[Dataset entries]
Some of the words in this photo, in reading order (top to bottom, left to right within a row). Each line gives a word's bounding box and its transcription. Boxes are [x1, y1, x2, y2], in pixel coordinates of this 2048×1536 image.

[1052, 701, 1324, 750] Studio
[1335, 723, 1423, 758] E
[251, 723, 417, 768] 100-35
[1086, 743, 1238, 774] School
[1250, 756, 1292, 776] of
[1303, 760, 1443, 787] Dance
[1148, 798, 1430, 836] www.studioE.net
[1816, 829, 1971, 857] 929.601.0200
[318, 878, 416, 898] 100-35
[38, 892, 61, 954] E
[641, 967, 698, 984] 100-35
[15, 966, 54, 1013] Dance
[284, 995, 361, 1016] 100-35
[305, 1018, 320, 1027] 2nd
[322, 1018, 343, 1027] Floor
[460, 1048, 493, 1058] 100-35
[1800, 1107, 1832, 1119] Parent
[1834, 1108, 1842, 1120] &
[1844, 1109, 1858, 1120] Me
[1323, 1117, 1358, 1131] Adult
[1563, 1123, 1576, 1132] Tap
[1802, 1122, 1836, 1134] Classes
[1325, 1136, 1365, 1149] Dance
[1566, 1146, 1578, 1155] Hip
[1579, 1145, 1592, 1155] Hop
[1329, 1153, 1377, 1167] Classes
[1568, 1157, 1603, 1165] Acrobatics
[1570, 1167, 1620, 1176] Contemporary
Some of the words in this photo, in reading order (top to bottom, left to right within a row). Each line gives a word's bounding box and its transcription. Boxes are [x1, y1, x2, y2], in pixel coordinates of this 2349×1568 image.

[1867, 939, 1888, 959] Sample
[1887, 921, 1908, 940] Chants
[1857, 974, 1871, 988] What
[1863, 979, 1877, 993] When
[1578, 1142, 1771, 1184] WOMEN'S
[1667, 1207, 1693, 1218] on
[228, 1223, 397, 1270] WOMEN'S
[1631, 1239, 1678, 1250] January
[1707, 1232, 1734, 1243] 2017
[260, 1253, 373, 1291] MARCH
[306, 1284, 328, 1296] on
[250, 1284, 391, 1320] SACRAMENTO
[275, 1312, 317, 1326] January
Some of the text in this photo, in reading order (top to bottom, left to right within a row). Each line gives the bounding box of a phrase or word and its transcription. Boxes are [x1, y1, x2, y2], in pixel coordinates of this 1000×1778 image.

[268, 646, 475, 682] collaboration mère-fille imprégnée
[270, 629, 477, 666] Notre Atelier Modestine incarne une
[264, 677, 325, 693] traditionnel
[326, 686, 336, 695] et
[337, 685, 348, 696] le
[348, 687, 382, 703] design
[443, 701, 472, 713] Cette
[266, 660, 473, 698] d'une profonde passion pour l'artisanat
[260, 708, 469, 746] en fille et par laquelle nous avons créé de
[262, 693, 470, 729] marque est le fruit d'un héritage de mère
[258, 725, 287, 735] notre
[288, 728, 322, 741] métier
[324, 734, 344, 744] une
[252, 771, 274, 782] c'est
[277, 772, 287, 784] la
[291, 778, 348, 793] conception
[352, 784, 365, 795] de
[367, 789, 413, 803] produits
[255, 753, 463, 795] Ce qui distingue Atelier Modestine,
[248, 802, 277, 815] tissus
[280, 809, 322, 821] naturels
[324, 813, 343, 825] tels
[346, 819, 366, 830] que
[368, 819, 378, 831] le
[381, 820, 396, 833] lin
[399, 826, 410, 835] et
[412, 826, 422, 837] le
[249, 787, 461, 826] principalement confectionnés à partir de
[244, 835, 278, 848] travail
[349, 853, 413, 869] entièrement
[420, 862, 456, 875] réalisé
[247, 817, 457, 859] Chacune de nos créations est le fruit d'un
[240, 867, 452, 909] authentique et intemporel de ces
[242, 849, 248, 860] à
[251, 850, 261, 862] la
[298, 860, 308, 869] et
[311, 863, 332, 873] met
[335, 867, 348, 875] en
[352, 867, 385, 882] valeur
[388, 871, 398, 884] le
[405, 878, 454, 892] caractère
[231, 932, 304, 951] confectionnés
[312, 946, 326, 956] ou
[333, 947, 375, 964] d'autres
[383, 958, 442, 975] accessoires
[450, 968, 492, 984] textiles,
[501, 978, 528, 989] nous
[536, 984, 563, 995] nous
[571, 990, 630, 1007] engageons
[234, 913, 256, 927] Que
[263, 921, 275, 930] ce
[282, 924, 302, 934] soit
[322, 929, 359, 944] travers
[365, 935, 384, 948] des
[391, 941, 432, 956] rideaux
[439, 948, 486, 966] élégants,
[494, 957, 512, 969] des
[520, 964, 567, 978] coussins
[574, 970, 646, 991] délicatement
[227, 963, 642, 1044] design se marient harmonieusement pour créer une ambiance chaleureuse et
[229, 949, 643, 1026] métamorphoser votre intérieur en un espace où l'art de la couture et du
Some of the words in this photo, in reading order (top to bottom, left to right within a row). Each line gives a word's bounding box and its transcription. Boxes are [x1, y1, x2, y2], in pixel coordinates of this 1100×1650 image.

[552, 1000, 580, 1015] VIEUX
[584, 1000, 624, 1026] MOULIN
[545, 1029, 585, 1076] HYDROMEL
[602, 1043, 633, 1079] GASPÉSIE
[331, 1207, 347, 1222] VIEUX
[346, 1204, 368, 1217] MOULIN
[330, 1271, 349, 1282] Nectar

WORK INSTRUCTION :: Word for word, write out each entry shown above.

TASK ANSWER ::
Some of the words in this photo, in reading order (top to bottom, left to right within a row). Each line gives a word's bounding box and its transcription. Boxes are [x1, y1, x2, y2], in pixel coordinates of this 2048×1536 image.

[1052, 701, 1324, 750] Studio
[1335, 723, 1423, 758] E
[251, 723, 417, 768] 100-35
[1086, 743, 1238, 774] School
[1250, 756, 1292, 776] of
[1303, 760, 1443, 787] Dance
[1148, 798, 1430, 836] www.studioE.net
[1816, 829, 1971, 857] 929.601.0200
[318, 878, 416, 898] 100-35
[38, 892, 61, 954] E
[641, 967, 698, 984] 100-35
[15, 966, 54, 1013] Dance
[284, 995, 361, 1016] 100-35
[305, 1018, 320, 1027] 2nd
[322, 1018, 343, 1027] Floor
[460, 1048, 493, 1058] 100-35
[1800, 1107, 1832, 1119] Parent
[1834, 1108, 1842, 1120] &
[1844, 1109, 1858, 1120] Me
[1323, 1117, 1358, 1131] Adult
[1563, 1123, 1576, 1132] Tap
[1802, 1122, 1836, 1134] Classes
[1325, 1136, 1365, 1149] Dance
[1566, 1146, 1578, 1155] Hip
[1579, 1145, 1592, 1155] Hop
[1329, 1153, 1377, 1167] Classes
[1568, 1157, 1603, 1165] Acrobatics
[1570, 1167, 1620, 1176] Contemporary
Some of the words in this photo, in reading order (top to bottom, left to right within a row). Each line gives a word's bounding box and its transcription. Boxes are [x1, y1, x2, y2], in pixel coordinates of this 2349×1568 image.

[1867, 939, 1888, 959] Sample
[1887, 921, 1908, 940] Chants
[1857, 974, 1871, 988] What
[1863, 979, 1877, 993] When
[1578, 1142, 1771, 1184] WOMEN'S
[1667, 1207, 1693, 1218] on
[228, 1223, 397, 1270] WOMEN'S
[1631, 1239, 1678, 1250] January
[1707, 1232, 1734, 1243] 2017
[260, 1253, 373, 1291] MARCH
[306, 1284, 328, 1296] on
[250, 1284, 391, 1320] SACRAMENTO
[275, 1312, 317, 1326] January
Some of the text in this photo, in reading order (top to bottom, left to right within a row). Each line gives the bounding box of a phrase or word and its transcription. Boxes are [x1, y1, x2, y2], in pixel coordinates of this 1000×1778 image.

[268, 646, 475, 682] collaboration mère-fille imprégnée
[270, 629, 477, 666] Notre Atelier Modestine incarne une
[264, 677, 325, 693] traditionnel
[326, 686, 336, 695] et
[337, 685, 348, 696] le
[348, 687, 382, 703] design
[443, 701, 472, 713] Cette
[266, 660, 473, 698] d'une profonde passion pour l'artisanat
[260, 708, 469, 746] en fille et par laquelle nous avons créé de
[262, 693, 470, 729] marque est le fruit d'un héritage de mère
[258, 725, 287, 735] notre
[288, 728, 322, 741] métier
[324, 734, 344, 744] une
[252, 771, 274, 782] c'est
[277, 772, 287, 784] la
[291, 778, 348, 793] conception
[352, 784, 365, 795] de
[367, 789, 413, 803] produits
[255, 753, 463, 795] Ce qui distingue Atelier Modestine,
[248, 802, 277, 815] tissus
[280, 809, 322, 821] naturels
[324, 813, 343, 825] tels
[346, 819, 366, 830] que
[368, 819, 378, 831] le
[381, 820, 396, 833] lin
[399, 826, 410, 835] et
[412, 826, 422, 837] le
[249, 787, 461, 826] principalement confectionnés à partir de
[244, 835, 278, 848] travail
[349, 853, 413, 869] entièrement
[420, 862, 456, 875] réalisé
[247, 817, 457, 859] Chacune de nos créations est le fruit d'un
[240, 867, 452, 909] authentique et intemporel de ces
[242, 849, 248, 860] à
[251, 850, 261, 862] la
[298, 860, 308, 869] et
[311, 863, 332, 873] met
[335, 867, 348, 875] en
[352, 867, 385, 882] valeur
[388, 871, 398, 884] le
[405, 878, 454, 892] caractère
[231, 932, 304, 951] confectionnés
[312, 946, 326, 956] ou
[333, 947, 375, 964] d'autres
[383, 958, 442, 975] accessoires
[450, 968, 492, 984] textiles,
[501, 978, 528, 989] nous
[536, 984, 563, 995] nous
[571, 990, 630, 1007] engageons
[234, 913, 256, 927] Que
[263, 921, 275, 930] ce
[282, 924, 302, 934] soit
[322, 929, 359, 944] travers
[365, 935, 384, 948] des
[391, 941, 432, 956] rideaux
[439, 948, 486, 966] élégants,
[494, 957, 512, 969] des
[520, 964, 567, 978] coussins
[574, 970, 646, 991] délicatement
[227, 963, 642, 1044] design se marient harmonieusement pour créer une ambiance chaleureuse et
[229, 949, 643, 1026] métamorphoser votre intérieur en un espace où l'art de la couture et du
Some of the words in this photo, in reading order (top to bottom, left to right within a row). Each line gives a word's bounding box and its transcription. Boxes are [x1, y1, x2, y2], in pixel coordinates of this 1100×1650 image.

[552, 1000, 580, 1015] VIEUX
[584, 1000, 624, 1026] MOULIN
[545, 1029, 585, 1076] HYDROMEL
[602, 1043, 633, 1079] GASPÉSIE
[331, 1207, 347, 1222] VIEUX
[346, 1204, 368, 1217] MOULIN
[330, 1271, 349, 1282] Nectar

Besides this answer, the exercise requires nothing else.